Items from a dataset
========

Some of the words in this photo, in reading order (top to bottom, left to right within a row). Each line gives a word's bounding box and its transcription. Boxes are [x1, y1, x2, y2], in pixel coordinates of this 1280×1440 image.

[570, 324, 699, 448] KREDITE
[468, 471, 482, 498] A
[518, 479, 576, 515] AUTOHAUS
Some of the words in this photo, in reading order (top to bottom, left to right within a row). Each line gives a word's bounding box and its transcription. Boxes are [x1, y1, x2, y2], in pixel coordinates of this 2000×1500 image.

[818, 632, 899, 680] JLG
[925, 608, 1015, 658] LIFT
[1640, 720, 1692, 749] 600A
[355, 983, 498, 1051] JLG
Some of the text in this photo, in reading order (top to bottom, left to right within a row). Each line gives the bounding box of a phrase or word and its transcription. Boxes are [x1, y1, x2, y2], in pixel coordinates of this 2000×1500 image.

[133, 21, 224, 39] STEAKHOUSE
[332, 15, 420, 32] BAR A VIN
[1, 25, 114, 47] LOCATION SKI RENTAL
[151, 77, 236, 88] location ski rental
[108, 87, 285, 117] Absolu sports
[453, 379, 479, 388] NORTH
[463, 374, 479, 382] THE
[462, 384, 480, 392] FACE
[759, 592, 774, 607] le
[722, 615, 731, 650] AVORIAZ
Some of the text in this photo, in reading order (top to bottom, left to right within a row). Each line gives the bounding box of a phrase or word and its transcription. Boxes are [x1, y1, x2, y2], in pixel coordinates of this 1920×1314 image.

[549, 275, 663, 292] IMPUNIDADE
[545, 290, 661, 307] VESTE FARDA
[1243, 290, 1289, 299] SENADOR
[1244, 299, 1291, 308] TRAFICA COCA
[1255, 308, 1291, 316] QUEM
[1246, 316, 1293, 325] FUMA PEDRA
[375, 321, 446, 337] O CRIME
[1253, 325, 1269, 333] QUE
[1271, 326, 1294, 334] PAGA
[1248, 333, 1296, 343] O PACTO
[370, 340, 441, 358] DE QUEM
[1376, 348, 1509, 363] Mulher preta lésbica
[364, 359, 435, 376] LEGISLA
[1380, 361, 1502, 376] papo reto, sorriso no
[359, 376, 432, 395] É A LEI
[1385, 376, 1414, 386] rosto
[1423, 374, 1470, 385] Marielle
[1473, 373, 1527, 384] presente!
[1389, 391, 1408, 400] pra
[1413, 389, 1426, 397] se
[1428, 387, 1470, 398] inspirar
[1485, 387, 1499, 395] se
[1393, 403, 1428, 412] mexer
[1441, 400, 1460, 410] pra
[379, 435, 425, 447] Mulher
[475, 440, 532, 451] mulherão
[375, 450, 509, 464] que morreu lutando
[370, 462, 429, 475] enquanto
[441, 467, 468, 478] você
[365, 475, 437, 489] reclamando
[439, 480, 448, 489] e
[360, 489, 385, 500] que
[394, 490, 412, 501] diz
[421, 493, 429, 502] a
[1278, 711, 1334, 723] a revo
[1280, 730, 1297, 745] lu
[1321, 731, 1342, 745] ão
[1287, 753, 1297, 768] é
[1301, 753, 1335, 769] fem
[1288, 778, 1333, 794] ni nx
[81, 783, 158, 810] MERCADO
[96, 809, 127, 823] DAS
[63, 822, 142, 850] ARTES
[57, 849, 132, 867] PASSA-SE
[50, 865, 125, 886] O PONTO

========

▸ **Task details**
Produce the entries again, character for character.

▸ **Solution to the problem**
Some of the words in this photo, in reading order (top to bottom, left to right within a row). Each line gives a word's bounding box and its transcription. Boxes are [x1, y1, x2, y2], in pixel coordinates of this 1280×1440 image.

[570, 324, 699, 448] KREDITE
[468, 471, 482, 498] A
[518, 479, 576, 515] AUTOHAUS
Some of the words in this photo, in reading order (top to bottom, left to right within a row). Each line gives a word's bounding box and its transcription. Boxes are [x1, y1, x2, y2], in pixel coordinates of this 2000×1500 image.

[818, 632, 899, 680] JLG
[925, 608, 1015, 658] LIFT
[1640, 720, 1692, 749] 600A
[355, 983, 498, 1051] JLG
Some of the text in this photo, in reading order (top to bottom, left to right within a row). Each line gives the bounding box of a phrase or word and its transcription. Boxes are [x1, y1, x2, y2], in pixel coordinates of this 2000×1500 image.

[133, 21, 224, 39] STEAKHOUSE
[332, 15, 420, 32] BAR A VIN
[1, 25, 114, 47] LOCATION SKI RENTAL
[151, 77, 236, 88] location ski rental
[108, 87, 285, 117] Absolu sports
[453, 379, 479, 388] NORTH
[463, 374, 479, 382] THE
[462, 384, 480, 392] FACE
[759, 592, 774, 607] le
[722, 615, 731, 650] AVORIAZ
Some of the text in this photo, in reading order (top to bottom, left to right within a row). Each line gives the bounding box of a phrase or word and its transcription. Boxes are [x1, y1, x2, y2], in pixel coordinates of this 1920×1314 image.

[549, 275, 663, 292] IMPUNIDADE
[545, 290, 661, 307] VESTE FARDA
[1243, 290, 1289, 299] SENADOR
[1244, 299, 1291, 308] TRAFICA COCA
[1255, 308, 1291, 316] QUEM
[1246, 316, 1293, 325] FUMA PEDRA
[375, 321, 446, 337] O CRIME
[1253, 325, 1269, 333] QUE
[1271, 326, 1294, 334] PAGA
[1248, 333, 1296, 343] O PACTO
[370, 340, 441, 358] DE QUEM
[1376, 348, 1509, 363] Mulher preta lésbica
[364, 359, 435, 376] LEGISLA
[1380, 361, 1502, 376] papo reto, sorriso no
[359, 376, 432, 395] É A LEI
[1385, 376, 1414, 386] rosto
[1423, 374, 1470, 385] Marielle
[1473, 373, 1527, 384] presente!
[1389, 391, 1408, 400] pra
[1413, 389, 1426, 397] se
[1428, 387, 1470, 398] inspirar
[1485, 387, 1499, 395] se
[1393, 403, 1428, 412] mexer
[1441, 400, 1460, 410] pra
[379, 435, 425, 447] Mulher
[475, 440, 532, 451] mulherão
[375, 450, 509, 464] que morreu lutando
[370, 462, 429, 475] enquanto
[441, 467, 468, 478] você
[365, 475, 437, 489] reclamando
[439, 480, 448, 489] e
[360, 489, 385, 500] que
[394, 490, 412, 501] diz
[421, 493, 429, 502] a
[1278, 711, 1334, 723] a revo
[1280, 730, 1297, 745] lu
[1321, 731, 1342, 745] ão
[1287, 753, 1297, 768] é
[1301, 753, 1335, 769] fem
[1288, 778, 1333, 794] ni nx
[81, 783, 158, 810] MERCADO
[96, 809, 127, 823] DAS
[63, 822, 142, 850] ARTES
[57, 849, 132, 867] PASSA-SE
[50, 865, 125, 886] O PONTO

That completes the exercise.